DIRECTIONS FOR THIS TASK> Could you return each line below without altering a word?

DATA EXTRACT>

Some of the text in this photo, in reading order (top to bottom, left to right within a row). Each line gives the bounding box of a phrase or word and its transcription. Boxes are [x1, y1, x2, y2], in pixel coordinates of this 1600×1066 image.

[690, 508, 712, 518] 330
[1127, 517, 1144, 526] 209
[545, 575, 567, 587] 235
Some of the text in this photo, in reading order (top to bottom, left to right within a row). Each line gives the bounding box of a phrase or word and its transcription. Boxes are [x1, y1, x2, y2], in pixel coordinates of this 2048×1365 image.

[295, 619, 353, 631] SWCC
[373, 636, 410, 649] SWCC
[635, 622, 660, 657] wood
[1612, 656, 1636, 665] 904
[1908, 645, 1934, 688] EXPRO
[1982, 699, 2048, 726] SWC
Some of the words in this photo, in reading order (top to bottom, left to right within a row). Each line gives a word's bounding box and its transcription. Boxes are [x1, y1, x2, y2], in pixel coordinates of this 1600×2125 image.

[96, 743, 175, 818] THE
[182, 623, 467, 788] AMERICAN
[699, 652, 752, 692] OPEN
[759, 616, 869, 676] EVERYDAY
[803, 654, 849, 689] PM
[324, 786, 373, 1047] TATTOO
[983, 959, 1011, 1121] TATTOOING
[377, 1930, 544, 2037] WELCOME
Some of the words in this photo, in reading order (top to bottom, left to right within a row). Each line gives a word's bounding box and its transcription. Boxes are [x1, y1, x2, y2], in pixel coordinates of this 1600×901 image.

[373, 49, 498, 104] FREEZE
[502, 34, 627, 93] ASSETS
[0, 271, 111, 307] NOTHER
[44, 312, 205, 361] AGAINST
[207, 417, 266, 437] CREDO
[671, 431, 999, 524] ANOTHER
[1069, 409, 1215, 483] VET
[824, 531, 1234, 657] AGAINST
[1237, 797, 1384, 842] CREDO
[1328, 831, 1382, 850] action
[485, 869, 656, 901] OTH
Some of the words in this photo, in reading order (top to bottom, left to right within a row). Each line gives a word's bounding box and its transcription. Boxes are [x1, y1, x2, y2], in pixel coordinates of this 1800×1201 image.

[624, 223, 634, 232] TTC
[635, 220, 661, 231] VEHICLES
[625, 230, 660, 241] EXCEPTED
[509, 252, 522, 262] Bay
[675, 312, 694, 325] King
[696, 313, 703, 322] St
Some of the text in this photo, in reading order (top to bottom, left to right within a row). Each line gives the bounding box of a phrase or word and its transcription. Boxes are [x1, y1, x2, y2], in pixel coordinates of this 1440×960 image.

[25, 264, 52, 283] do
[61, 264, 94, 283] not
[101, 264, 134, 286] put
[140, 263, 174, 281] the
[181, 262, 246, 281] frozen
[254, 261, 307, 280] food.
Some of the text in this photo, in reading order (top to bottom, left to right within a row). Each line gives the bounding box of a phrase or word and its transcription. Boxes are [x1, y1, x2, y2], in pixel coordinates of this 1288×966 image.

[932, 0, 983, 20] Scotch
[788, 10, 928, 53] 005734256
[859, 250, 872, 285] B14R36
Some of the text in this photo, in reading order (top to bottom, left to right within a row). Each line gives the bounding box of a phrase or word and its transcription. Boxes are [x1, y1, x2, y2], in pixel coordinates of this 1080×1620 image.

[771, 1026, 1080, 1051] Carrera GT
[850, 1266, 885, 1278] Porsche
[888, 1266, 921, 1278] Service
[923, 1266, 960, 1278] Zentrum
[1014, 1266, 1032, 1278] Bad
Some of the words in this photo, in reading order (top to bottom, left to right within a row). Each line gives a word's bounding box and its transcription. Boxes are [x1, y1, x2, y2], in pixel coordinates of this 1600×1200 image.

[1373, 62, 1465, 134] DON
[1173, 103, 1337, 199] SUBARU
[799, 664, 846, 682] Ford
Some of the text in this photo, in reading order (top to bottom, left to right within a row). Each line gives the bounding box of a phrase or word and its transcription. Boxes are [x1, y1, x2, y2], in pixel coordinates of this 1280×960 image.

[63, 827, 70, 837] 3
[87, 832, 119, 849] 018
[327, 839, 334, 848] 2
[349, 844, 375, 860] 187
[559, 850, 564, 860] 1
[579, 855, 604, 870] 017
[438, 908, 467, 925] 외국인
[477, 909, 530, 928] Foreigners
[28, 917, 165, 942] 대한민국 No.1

RESPONSE>
Some of the text in this photo, in reading order (top to bottom, left to right within a row). Each line gives the bounding box of a phrase or word and its transcription. Boxes are [x1, y1, x2, y2], in pixel coordinates of this 1600×1066 image.

[690, 508, 712, 518] 330
[1127, 517, 1144, 526] 209
[545, 575, 567, 587] 235
Some of the text in this photo, in reading order (top to bottom, left to right within a row). Each line gives the bounding box of a phrase or word and its transcription. Boxes are [x1, y1, x2, y2], in pixel coordinates of this 2048×1365 image.

[295, 619, 353, 631] SWCC
[373, 636, 410, 649] SWCC
[635, 622, 660, 657] wood
[1612, 656, 1636, 665] 904
[1908, 645, 1934, 688] EXPRO
[1982, 699, 2048, 726] SWC
Some of the words in this photo, in reading order (top to bottom, left to right within a row). Each line gives a word's bounding box and its transcription. Boxes are [x1, y1, x2, y2], in pixel coordinates of this 1600×2125 image.

[96, 743, 175, 818] THE
[182, 623, 467, 788] AMERICAN
[699, 652, 752, 692] OPEN
[759, 616, 869, 676] EVERYDAY
[803, 654, 849, 689] PM
[324, 786, 373, 1047] TATTOO
[983, 959, 1011, 1121] TATTOOING
[377, 1930, 544, 2037] WELCOME
Some of the words in this photo, in reading order (top to bottom, left to right within a row). Each line gives a word's bounding box and its transcription. Boxes are [x1, y1, x2, y2], in pixel coordinates of this 1600×901 image.

[373, 49, 498, 104] FREEZE
[502, 34, 627, 93] ASSETS
[0, 271, 111, 307] NOTHER
[44, 312, 205, 361] AGAINST
[207, 417, 266, 437] CREDO
[671, 431, 999, 524] ANOTHER
[1069, 409, 1215, 483] VET
[824, 531, 1234, 657] AGAINST
[1237, 797, 1384, 842] CREDO
[1328, 831, 1382, 850] action
[485, 869, 656, 901] OTH
Some of the words in this photo, in reading order (top to bottom, left to right within a row). Each line gives a word's bounding box and its transcription. Boxes are [x1, y1, x2, y2], in pixel coordinates of this 1800×1201 image.

[624, 223, 634, 232] TTC
[635, 220, 661, 231] VEHICLES
[625, 230, 660, 241] EXCEPTED
[509, 252, 522, 262] Bay
[675, 312, 694, 325] King
[696, 313, 703, 322] St
Some of the text in this photo, in reading order (top to bottom, left to right within a row). Each line gives the bounding box of a phrase or word and its transcription. Boxes are [x1, y1, x2, y2], in pixel coordinates of this 1440×960 image.

[25, 264, 52, 283] do
[61, 264, 94, 283] not
[101, 264, 134, 286] put
[140, 263, 174, 281] the
[181, 262, 246, 281] frozen
[254, 261, 307, 280] food.
Some of the text in this photo, in reading order (top to bottom, left to right within a row). Each line gives the bounding box of a phrase or word and its transcription. Boxes are [x1, y1, x2, y2], in pixel coordinates of this 1288×966 image.

[932, 0, 983, 20] Scotch
[788, 10, 928, 53] 005734256
[859, 250, 872, 285] B14R36
Some of the text in this photo, in reading order (top to bottom, left to right within a row). Each line gives the bounding box of a phrase or word and its transcription. Boxes are [x1, y1, x2, y2], in pixel coordinates of this 1080×1620 image.

[771, 1026, 1080, 1051] Carrera GT
[850, 1266, 885, 1278] Porsche
[888, 1266, 921, 1278] Service
[923, 1266, 960, 1278] Zentrum
[1014, 1266, 1032, 1278] Bad
Some of the words in this photo, in reading order (top to bottom, left to right within a row). Each line gives a word's bounding box and its transcription. Boxes are [x1, y1, x2, y2], in pixel coordinates of this 1600×1200 image.

[1373, 62, 1465, 134] DON
[1173, 103, 1337, 199] SUBARU
[799, 664, 846, 682] Ford
Some of the text in this photo, in reading order (top to bottom, left to right within a row). Each line gives the bounding box of a phrase or word and its transcription. Boxes are [x1, y1, x2, y2], in pixel coordinates of this 1280×960 image.

[63, 827, 70, 837] 3
[87, 832, 119, 849] 018
[327, 839, 334, 848] 2
[349, 844, 375, 860] 187
[559, 850, 564, 860] 1
[579, 855, 604, 870] 017
[438, 908, 467, 925] 외국인
[477, 909, 530, 928] Foreigners
[28, 917, 165, 942] 대한민국 No.1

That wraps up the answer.